Given the scale of the problem and the rising demand for legal help, reversal of the funding cliff is only part of the solution. There is also a need for increased investment in the legal assistance sector, as highlighted by the Productivity Commission in its 2014 Access to Justice Arrangements Inquiry and a longer-term vision for the sector.

In addition, these Commonwealth funding challenges are compounded by the inconsistent funding of legal assistance across Australia, which means that access to essential legal advice and assistance for vulnerable and disadvantaged people differs considerably, depending on where someone lives. This underscores the importance of Commonwealth leadership in developing a mechanism that ensures adequate investment by all levels of government in legal assistance.

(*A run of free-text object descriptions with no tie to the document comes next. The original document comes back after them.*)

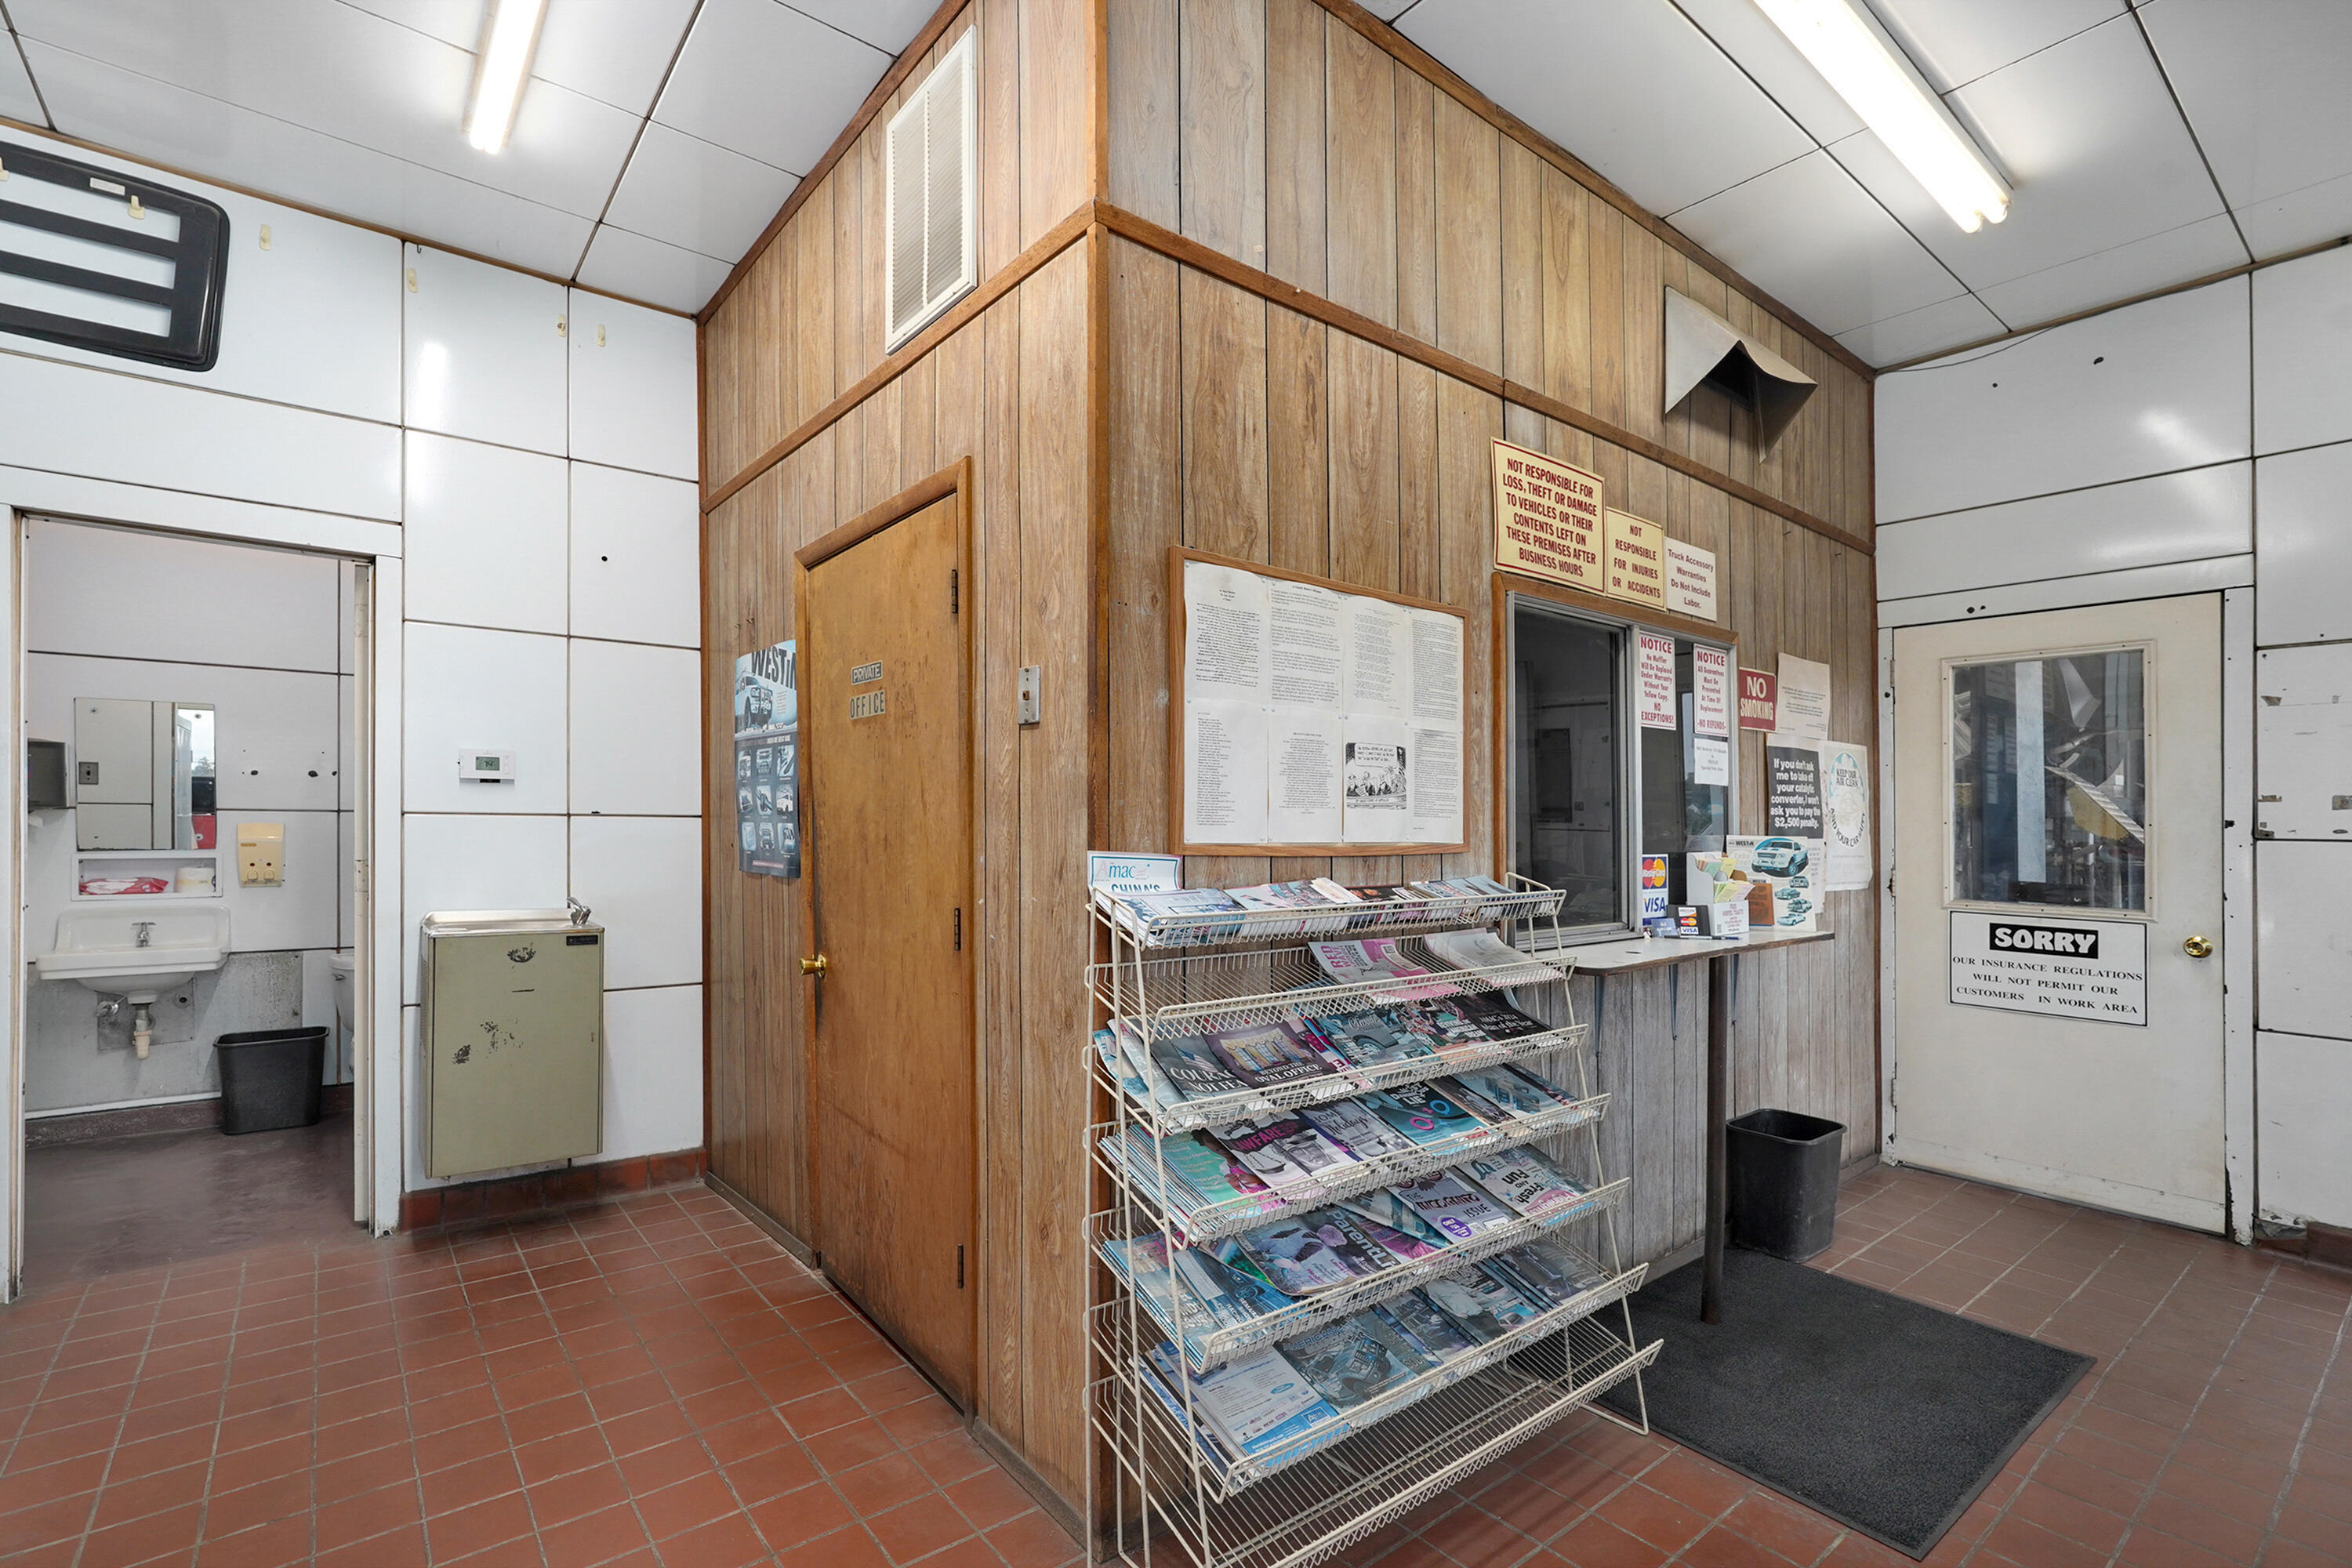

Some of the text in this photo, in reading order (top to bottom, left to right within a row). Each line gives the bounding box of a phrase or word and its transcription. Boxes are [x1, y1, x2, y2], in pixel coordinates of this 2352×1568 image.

[1508, 458, 1593, 499] NOT RESPONSIBLE FOR
[1503, 474, 1597, 516] LOSS, THEFT OR DAMAGE
[1506, 492, 1593, 532] TO VEHICLES OR THEIR
[1514, 513, 1586, 546] CONTENTS LEFT ON
[1630, 524, 1642, 537] NOT
[1506, 525, 1595, 564] THESE PREMISES AFTER
[1615, 539, 1657, 561] RESPONSIBLE
[1519, 547, 1583, 577] BUSINESS HOURS
[1614, 557, 1658, 579] FOR INJURIES
[1668, 549, 1713, 572] Truck Accessory
[1676, 565, 1706, 582] Warranties
[1613, 576, 1661, 598] OR ACCIDENTS
[1671, 579, 1711, 597] Do Not Include
[1684, 597, 1700, 608] Labor.
[1641, 637, 1671, 654] NOTICE
[1697, 651, 1725, 666] NOTICE
[853, 663, 880, 682] PRIVATE
[1656, 665, 1672, 674] Replaced
[1644, 681, 1660, 689] Without
[1654, 673, 1672, 684] Warranty
[1747, 676, 1766, 698] NO
[1644, 690, 1657, 699] Yellow
[1702, 685, 1721, 694] Presented
[850, 691, 884, 718] OFFICE
[1654, 702, 1661, 712] NO
[1700, 704, 1723, 713] Replacement
[1740, 697, 1773, 720] SMOKING
[1641, 711, 1674, 724] EXCEPTIONS!
[1773, 758, 1780, 768] If
[1780, 760, 1795, 771] you
[1796, 760, 1806, 770] don't
[1776, 771, 1789, 780] me
[1790, 771, 1798, 781] to
[1798, 772, 1807, 782] take
[1845, 778, 1859, 787] CLEAN
[1777, 783, 1815, 794] your catalytic
[1771, 796, 1805, 806] converter,
[1808, 796, 1819, 805] won't
[1770, 806, 1784, 815] ask
[1785, 808, 1798, 817] you
[1799, 807, 1805, 816] to
[1774, 817, 1819, 829] $2,500 penalty.
[1836, 830, 1849, 847] YOUR
[1850, 836, 1860, 848] CAR
[1643, 897, 1666, 913] VISA
[1994, 927, 2096, 953] SORRY
[1321, 946, 1344, 967] RED
[1952, 956, 2143, 981] OUR INSURANCE REGULATIONS
[1973, 973, 2118, 995] WILL NOT PERMIT OUR
[1956, 986, 2137, 1014] CUSTOMERS IN WORK AREA
[1254, 1063, 1323, 1083] OVAL OFFICE
[1189, 1080, 1220, 1092] NOT
[1403, 1094, 1426, 1105] LIE
[1325, 1116, 1368, 1135] Holidays
[1230, 1127, 1283, 1150] LAWFARE
[1501, 1169, 1530, 1185] Fun
[1515, 1180, 1529, 1189] AND
[1406, 1192, 1423, 1202] THE
[1517, 1182, 1544, 1204] Fresh
[1463, 1203, 1491, 1218] ISSUE

We know that unresolved legal problems generate a range of flow-on effects and that access to legal help can prevent or reduce the escalation of legal problems for individuals.

We know that investment in legal assistance makes economic sense. For example, the Productivity Commission has noted, 'legal assistance services can prevent or reduce the escalation of legal problems, which in turn can mean reduced costs to the justice system and lower costs to other taxpayer funded services (in areas such as health, housing and social security payments).'3

We also know that CLCs play a vital role in giving practical meaning to the rule of law through provision of legal assistance to individual clients, as well as broader early intervention, policy, advocacy and law reform work and community legal education.

What is less clear is what the future holds for the legal assistance sector, or how we ensure that vulnerable and disadvantaged people have access to legal assistance they need in the face of rising demand and ongoing reductions in funding. As a result, we must continue to work collaboratively across the legal assistance sector, the legal profession and with all levels of government to address this issue and to ensure that the rule of law continues to have meaning for all members of our society.

*Amanda Alford (BA (Hons), LLB (Hons), GDLP, LLM) is Director Policy and Advocacy at the National Association of Community Legal Centres.  


1 Gillian Triggs, Access to Justice, Speech at Community Opening of the Legal Year, 1 February 2016, https://www.humanrights.gov.au/news/speeches/access-justice-0

2See, eg, Productivity Commission of Australia, Access to Justice Arrangements Inquiry Report No 72 (September 2014) 107 & Finding 2.1; ACOSS, Australian Community Sector Survey 2013: National Report, ACOSS Paper 202 (2013).

3Productivity Commission of Australia, Access to Justice Arrangements Inquiry Report No 72 (September 2014) 666.